In other words, the downward revisions in sales mean August had massive negative sales for every category except ebooks. Ebooks would have puny sales... I suspect fewer vendors reported.
I hope monthly book sales come out later. August sales would normally have come out now, but the AAP is delaying, hiding, and obscuring the data as much as possible. I suspect we'll see numbers later worth graphing.
But when the sum of 8 months of sales is that much less than the sum of the previously reported 7 months of sales...
Neil
Monday, October 31, 2011
Saturday, October 15, 2011
July 2011 E-book Sales
July ebook figures are finally out. We can now see that the K3/Nook Color launch put a stake in the heart of Adult paperbacks. The K2 started that job with MMPB. What will the new Kindles do? We've been waiting for sub-$100 ereaders from a big name to accelerate ebook sales...
Everyone has already told you ebooks continue to show good growth. Paper trade sales were weak, but not as weak as they were earlier in 2011. If I estimate children's sales, which weren't disclosed, trade sales were 84% of 2010. Much noise has been made of the Hardcover sales. They weren't bad. But if just some of August's hardcover sales were moved to July by 'stuffing the channel,' we could be seeing noise.
Sources:
YTD sales
July Sales
David has already posted, but I do the graphs. ;)
Or could it be due to the big6 favoring Hardcover sales at the expense of everything else, including overall profit. I can only speculate on this. But look at it this way, two of my favorite sci-fi authors just released new books. Eric Flint's is only in Hardcover and David Weber is charging $12.99 for the ebook. Oh well, I'll wait and buy other books that interest me.
To the graphs!
Ebook sales remain at a pace faster than an extrapolation of the 2010 sales.
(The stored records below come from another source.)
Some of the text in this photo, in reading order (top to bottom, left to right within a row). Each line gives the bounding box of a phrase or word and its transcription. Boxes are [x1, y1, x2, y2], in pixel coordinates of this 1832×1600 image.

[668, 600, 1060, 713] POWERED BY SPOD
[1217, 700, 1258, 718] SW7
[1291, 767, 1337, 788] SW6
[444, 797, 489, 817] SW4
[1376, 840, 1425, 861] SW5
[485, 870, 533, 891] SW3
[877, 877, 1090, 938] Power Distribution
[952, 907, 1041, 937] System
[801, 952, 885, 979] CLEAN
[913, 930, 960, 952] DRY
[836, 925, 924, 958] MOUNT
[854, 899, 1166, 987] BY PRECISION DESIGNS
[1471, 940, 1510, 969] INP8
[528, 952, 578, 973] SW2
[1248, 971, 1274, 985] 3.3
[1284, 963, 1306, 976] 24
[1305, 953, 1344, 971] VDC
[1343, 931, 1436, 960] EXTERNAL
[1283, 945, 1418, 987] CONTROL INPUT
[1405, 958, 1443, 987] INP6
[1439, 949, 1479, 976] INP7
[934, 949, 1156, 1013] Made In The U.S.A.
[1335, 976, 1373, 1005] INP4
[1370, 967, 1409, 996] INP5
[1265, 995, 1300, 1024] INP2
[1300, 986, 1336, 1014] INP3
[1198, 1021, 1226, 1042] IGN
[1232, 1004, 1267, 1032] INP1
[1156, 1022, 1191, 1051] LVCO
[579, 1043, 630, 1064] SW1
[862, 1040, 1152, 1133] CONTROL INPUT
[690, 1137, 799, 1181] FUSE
I keep noting that that means we have not yet hit the point where ebooks are at half the market penetration they will achieve. Hold that thought for the next graph:
Since e-books are less than half the market, approaching 29% with my estimate of Indie sales, we should expect ebooks sales to one day be over double today's market share. When we pass the mid-point, we'll see sales below the prior year's trend line (see the first chart). We are not there yet!
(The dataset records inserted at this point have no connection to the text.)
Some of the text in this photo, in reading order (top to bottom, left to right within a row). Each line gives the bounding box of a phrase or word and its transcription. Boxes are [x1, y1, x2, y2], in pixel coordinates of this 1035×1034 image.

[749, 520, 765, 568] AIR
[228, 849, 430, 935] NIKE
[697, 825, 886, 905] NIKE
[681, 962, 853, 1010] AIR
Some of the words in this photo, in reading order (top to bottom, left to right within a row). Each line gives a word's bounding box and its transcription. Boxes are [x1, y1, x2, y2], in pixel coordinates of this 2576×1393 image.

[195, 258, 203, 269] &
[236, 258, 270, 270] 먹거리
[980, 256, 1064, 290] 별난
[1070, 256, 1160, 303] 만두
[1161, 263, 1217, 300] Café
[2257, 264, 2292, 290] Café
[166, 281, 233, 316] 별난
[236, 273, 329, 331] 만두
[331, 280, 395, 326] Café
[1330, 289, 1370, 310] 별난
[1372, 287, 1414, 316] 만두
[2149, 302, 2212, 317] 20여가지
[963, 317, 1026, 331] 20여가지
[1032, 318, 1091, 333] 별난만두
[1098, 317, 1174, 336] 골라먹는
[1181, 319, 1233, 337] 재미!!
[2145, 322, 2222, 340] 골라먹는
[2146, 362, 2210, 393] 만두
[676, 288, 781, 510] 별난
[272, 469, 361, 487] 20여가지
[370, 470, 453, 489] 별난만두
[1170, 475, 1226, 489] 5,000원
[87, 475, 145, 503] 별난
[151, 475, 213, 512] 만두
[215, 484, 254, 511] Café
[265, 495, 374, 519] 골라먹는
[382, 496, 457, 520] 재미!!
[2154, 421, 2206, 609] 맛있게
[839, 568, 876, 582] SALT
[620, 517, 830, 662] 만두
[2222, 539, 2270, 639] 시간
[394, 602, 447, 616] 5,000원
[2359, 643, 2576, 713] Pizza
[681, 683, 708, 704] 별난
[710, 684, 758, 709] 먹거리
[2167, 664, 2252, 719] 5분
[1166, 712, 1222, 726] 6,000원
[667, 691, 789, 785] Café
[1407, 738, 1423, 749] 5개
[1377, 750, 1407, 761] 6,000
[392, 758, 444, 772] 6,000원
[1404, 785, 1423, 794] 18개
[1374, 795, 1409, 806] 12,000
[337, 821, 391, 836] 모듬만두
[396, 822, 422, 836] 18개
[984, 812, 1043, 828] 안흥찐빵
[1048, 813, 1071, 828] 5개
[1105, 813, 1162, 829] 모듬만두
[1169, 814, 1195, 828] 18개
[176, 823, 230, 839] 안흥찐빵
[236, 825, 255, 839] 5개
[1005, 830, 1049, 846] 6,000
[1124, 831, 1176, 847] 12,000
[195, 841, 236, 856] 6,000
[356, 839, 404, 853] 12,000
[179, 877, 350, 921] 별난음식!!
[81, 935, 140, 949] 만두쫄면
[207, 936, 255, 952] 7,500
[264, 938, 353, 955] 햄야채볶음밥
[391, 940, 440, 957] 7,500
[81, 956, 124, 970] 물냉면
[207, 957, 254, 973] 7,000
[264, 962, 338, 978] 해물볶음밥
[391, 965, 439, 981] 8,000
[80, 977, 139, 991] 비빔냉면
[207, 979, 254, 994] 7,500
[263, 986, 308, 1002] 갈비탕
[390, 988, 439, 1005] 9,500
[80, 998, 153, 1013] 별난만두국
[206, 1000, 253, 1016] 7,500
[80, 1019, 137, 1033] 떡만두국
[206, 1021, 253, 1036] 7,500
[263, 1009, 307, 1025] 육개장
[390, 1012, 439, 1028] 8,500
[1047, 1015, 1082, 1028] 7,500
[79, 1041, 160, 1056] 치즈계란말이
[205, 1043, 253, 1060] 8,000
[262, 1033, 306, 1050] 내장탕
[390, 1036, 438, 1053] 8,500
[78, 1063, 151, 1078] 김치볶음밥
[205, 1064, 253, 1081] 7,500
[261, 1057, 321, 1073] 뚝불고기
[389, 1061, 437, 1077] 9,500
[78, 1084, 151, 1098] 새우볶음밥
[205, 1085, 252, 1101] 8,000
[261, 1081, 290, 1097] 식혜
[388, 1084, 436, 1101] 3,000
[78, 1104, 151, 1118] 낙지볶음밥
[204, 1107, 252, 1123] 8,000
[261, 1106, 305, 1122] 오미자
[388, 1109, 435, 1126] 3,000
Print Trade is not doing well. It is below trend for July. Now, with my estimate of Children't books, it is at 84% of 2010. I suspect my estimate of Children's book sales will prove to be too optimistic.
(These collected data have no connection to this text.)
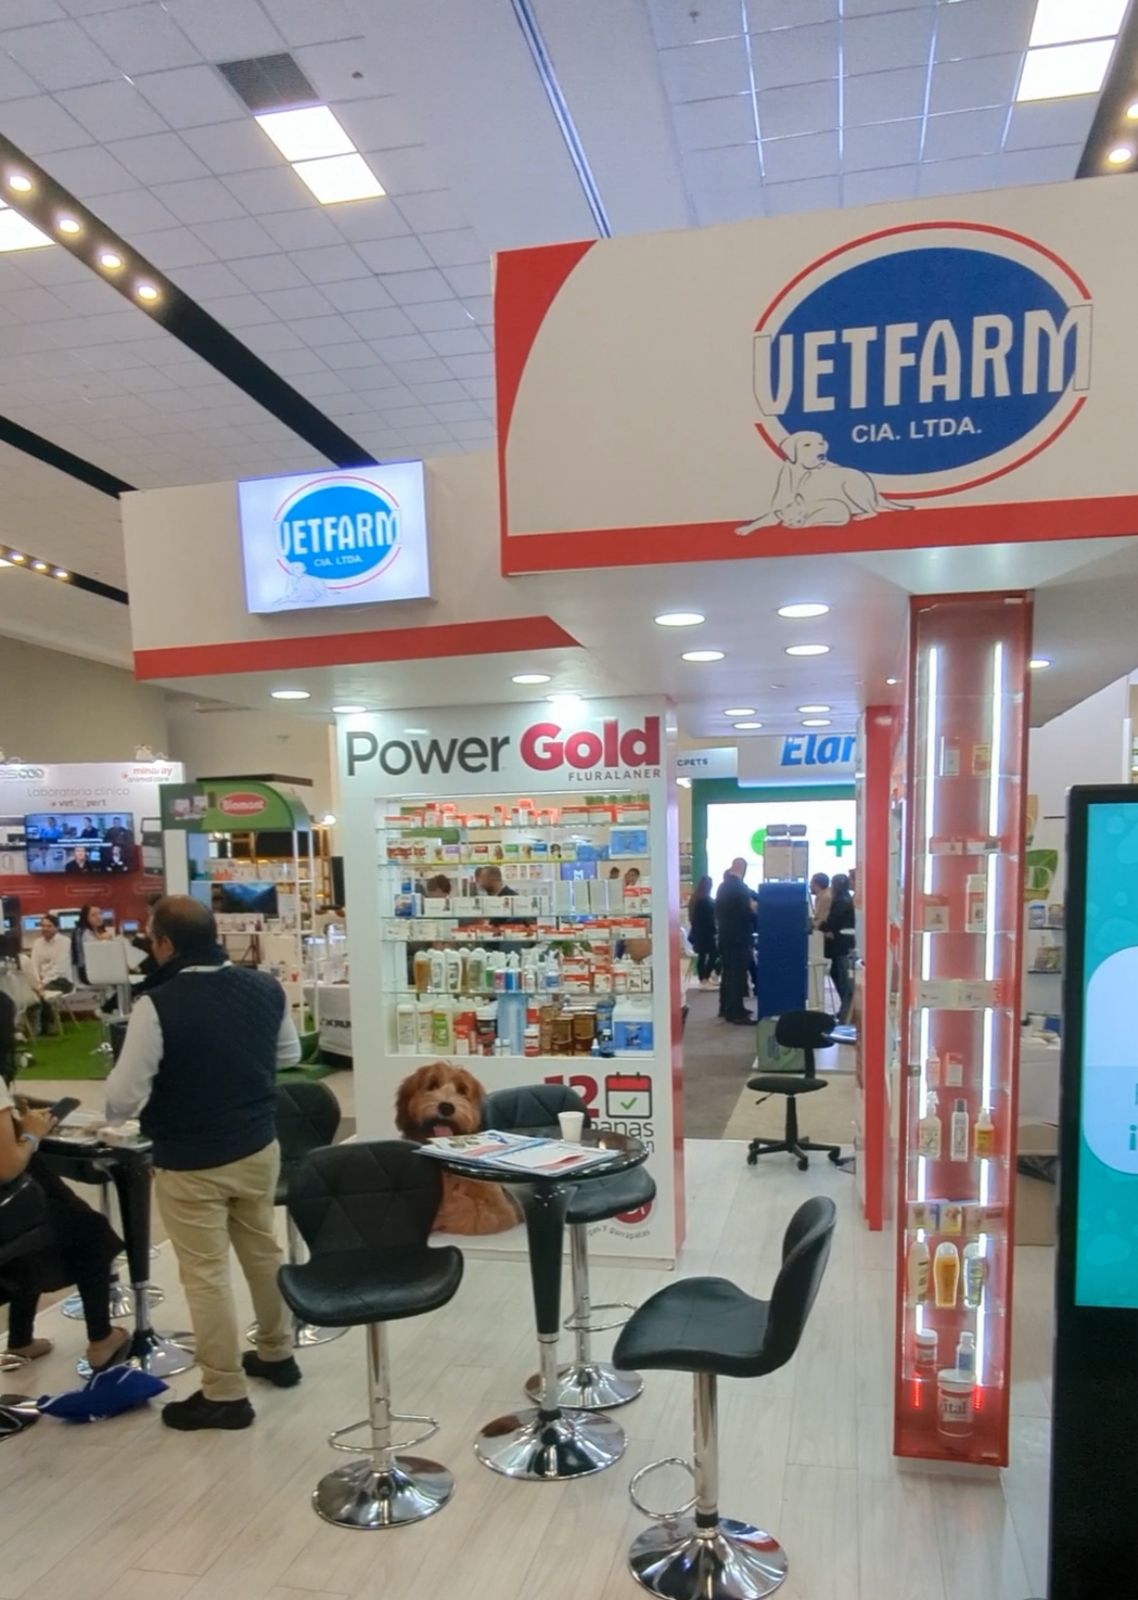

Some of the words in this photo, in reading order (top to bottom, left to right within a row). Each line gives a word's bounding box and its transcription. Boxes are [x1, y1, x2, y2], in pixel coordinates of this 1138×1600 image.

[753, 304, 1093, 416] VETFARM
[851, 422, 901, 444] CIA.
[909, 416, 982, 439] LTDA.
[273, 509, 401, 557] VETFARM
[345, 732, 510, 776] Power
[520, 716, 661, 771] Gold
[568, 769, 661, 782] FLURALANER
[544, 1074, 600, 1119] 2
Am I the only one who sees a downward trend for MMPB? If one eyeballs a trendline since the K3/Nook Color launch, it looks like the end of MMPB will be in 2013. :( If one does the trendline from the K2 launch, the end of MMPB would be in 2014. MMPB was my prior favorite book form factor. The form factor has plummeted below viable economics. I suspect the espresso machines will fill the market for what MMPB customers who insist on paper.
Hardcover books had a good month. Better than prior years trends. My question, is the channel getting stuffed? I hope I'm being a nay-sayer... So we'll have to wait and see.
Paperback is weak too. Again, I see a trendline. From the K3's/Nook Color's launch, Paperback's have been on a declining trend. Again, a trend that shows an end to the form factor in 2013.
There is no data on Children's books for this month. Since Childrens books have been trending at 77% of 2010 sales, I took that number. My rational is that if the numbers were any better, we would have heard them. I suspect the Sales of children's books could have been worse. :(
I assume you've seen the Youtube of the 1 year old who doesn't get magazines. My two very young daughters love touchscreen. Their Grandma is now buying them electronic book gift cards instead of print books. Good, bad, or indifferent, that is where the market will go. I've seen it with Mom's with the Nook and the iPad and the Kindle Fire will kick that trend into high gear.
Seasonal Graphs
I do different graphs to show the trends in different ways. The bar chart shows ebook growth was spectacular in July, just not as spectacular as prior months in 2011. I read discussions of a 'lull' this summer in ebook blog comment sections. I suspect August numbers will reflect the same trend.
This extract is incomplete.